▶ ABOUT THIS TASK: From the entries below, return every line that includes the word "intel".

─── GIVEN ENTRIES ───

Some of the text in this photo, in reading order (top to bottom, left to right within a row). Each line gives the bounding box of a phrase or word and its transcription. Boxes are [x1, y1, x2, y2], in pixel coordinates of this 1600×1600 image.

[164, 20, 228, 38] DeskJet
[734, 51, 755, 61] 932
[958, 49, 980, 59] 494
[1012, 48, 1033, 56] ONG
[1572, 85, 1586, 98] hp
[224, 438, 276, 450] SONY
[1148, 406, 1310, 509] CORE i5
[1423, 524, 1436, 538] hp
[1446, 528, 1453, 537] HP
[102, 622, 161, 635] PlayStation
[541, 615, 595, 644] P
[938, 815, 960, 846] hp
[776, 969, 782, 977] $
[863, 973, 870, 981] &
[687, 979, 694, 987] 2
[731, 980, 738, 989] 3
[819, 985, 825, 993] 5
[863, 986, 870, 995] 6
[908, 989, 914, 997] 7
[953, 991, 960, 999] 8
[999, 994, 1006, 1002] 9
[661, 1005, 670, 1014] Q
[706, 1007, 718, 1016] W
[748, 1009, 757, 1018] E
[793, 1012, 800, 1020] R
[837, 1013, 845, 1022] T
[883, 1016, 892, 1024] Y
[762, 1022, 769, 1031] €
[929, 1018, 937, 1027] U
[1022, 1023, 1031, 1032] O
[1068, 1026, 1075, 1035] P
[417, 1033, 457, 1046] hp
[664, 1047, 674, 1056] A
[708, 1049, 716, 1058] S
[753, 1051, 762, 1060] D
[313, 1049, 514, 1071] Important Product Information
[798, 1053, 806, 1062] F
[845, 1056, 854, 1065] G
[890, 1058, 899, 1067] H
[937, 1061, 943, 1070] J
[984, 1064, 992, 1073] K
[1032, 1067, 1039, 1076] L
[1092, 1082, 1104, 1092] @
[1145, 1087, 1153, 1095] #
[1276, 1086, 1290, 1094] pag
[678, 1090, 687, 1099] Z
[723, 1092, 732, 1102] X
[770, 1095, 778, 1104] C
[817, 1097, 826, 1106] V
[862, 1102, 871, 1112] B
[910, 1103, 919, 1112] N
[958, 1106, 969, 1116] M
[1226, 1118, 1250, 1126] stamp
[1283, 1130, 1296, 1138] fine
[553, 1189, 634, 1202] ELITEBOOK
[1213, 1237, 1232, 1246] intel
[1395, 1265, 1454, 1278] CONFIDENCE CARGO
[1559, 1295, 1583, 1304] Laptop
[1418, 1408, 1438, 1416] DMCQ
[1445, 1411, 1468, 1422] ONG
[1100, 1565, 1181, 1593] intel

───

▶ OUTPUT OF THE EXERCISE:
[1213, 1237, 1232, 1246] intel
[1100, 1565, 1181, 1593] intel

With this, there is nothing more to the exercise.